Tidak hanya itu, beberapa demonstran juga melakukan ritual “kerokan massal” di depan kantor Kejagung. Aksi ini bertujuan untuk memberikan pesan simbolis: jika Kejagung sudah terlanjur “masuk angin” atau kehilangan momentum, maka perlu segera “dikerok” agar kembali bersemangat dalam menegakkan hukum. Ritual ini mendapat perhatian publik karena menggabungkan unsur kreativitas dan kritik tegas terhadap penegakan hukum yang dianggap lamban.
Sekretaris Jenderal FML, M. Iqbal Farochi, menyampaikan kekecewaannya atas minimnya progres dari laporan yang telah mereka layangkan pada aksi jilid I pekan lalu. Laporan tersebut mendesak Jamwas Kejagung untuk melakukan audit dan investigasi menyeluruh terkait pemberian hibah Rp60 miliar, termasuk pemeriksaan terhadap 13 Organisasi Perangkat Daerah (OPD) Pemkot Bandar Lampung dan Walikota. “Kami datang lagi untuk menagih janji dan progres. Jangan sampai Kejagung terkesan menutup mata atau sengaja mengulur waktu. Hibah Rp60 miliar di tengah kondisi defisit dan jeritan rakyat soal banjir serta infrastruktur ini jelas merusak rasa keadilan,” tegas Iqbal.

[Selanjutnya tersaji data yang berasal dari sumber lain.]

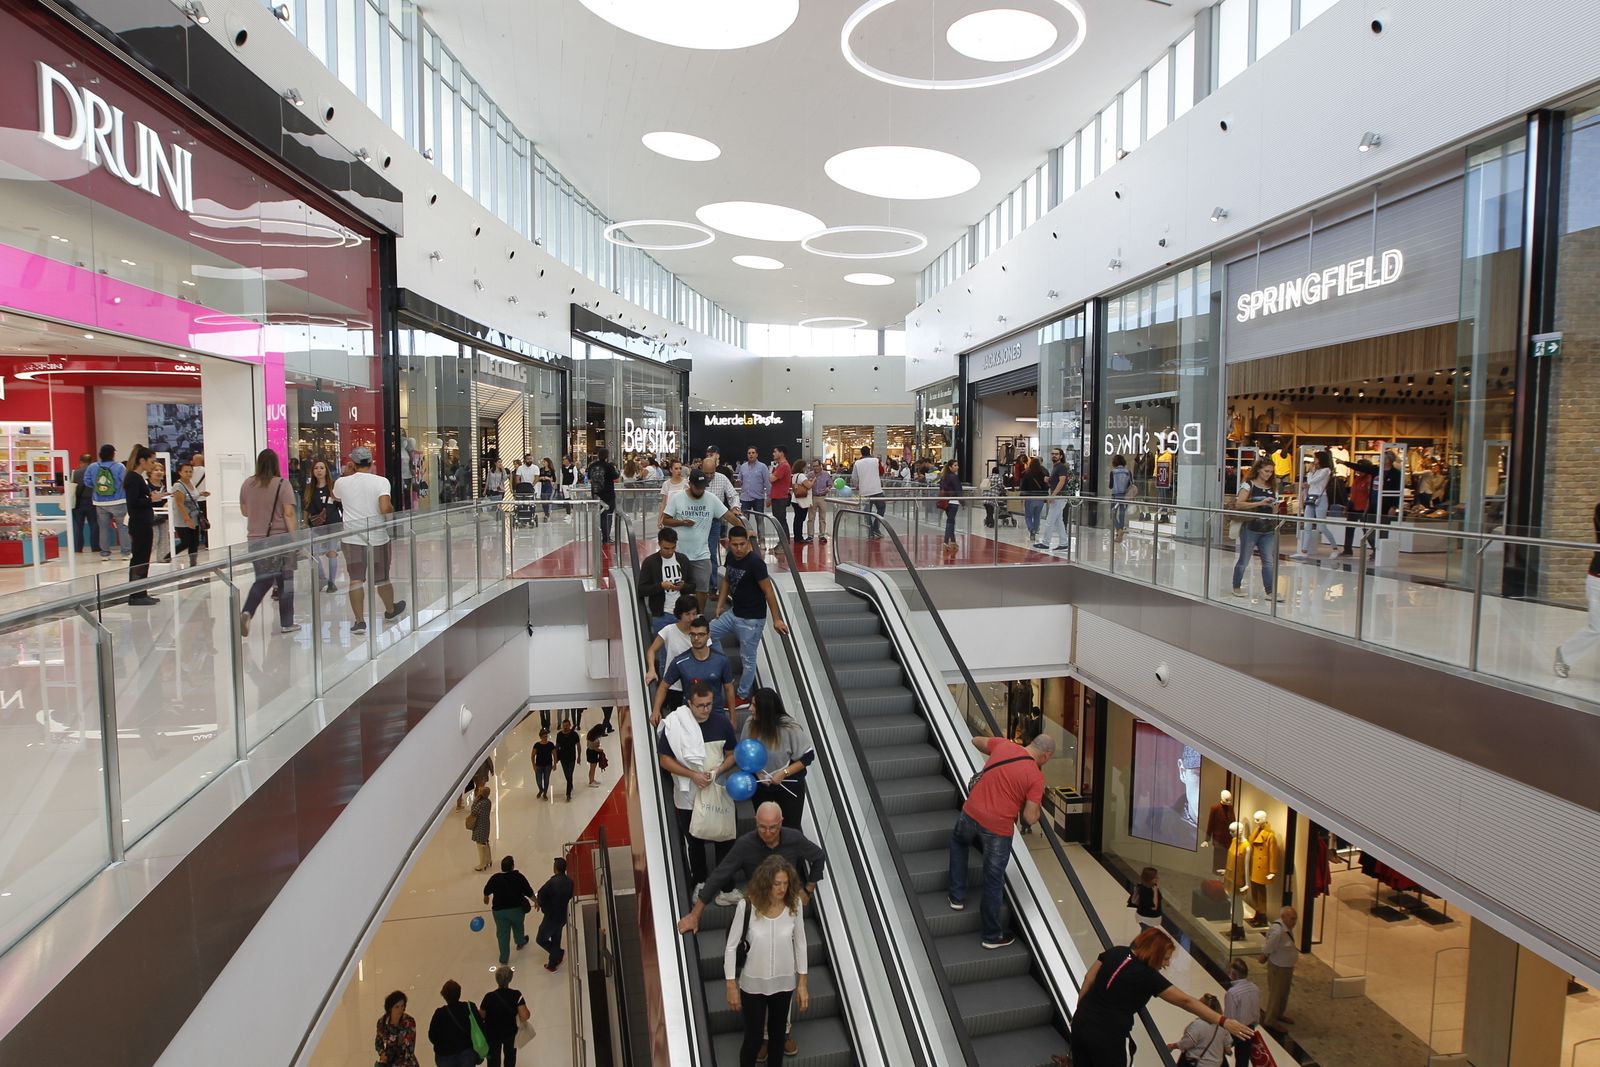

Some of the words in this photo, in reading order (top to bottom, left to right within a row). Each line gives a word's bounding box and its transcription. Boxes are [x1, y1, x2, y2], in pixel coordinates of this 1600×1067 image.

[36, 61, 195, 214] DRUNI
[1236, 248, 1404, 323] SPRINGFIELD
[624, 417, 676, 454] Bershka

Iqbal juga menekankan pentingnya transparansi dan akuntabilitas dalam penanganan kasus ini. “Kami mendesak Kejagung untuk segera bertindak cepat dan terbuka kepada publik. Integritas aparat hukum harus terjaga, terutama karena adanya potensi konflik kepentingan antara pihak pemberi dan penerima hibah,” ujar Iqbal, menambahkan bahwa masyarakat Lampung dan seluruh Indonesia mengawasi langkah penegak hukum secara ketat.
Selain aksi simbolik, FML juga membagikan selebaran dan dokumen yang menyoroti dugaan penyalahgunaan dana hibah. Dalam selebaran tersebut, mereka merinci bagaimana alokasi dana hibah Rp60 miliar yang seharusnya digunakan untuk kepentingan publik justru menjadi sorotan karena berpotensi merugikan masyarakat. “Kami ingin Kejagung tidak hanya menindaklanjuti laporan, tapi juga memberikan edukasi publik tentang pentingnya pengawasan dana hibah dan pencegahan praktik penyalahgunaan APBD,” tambah Iqbal.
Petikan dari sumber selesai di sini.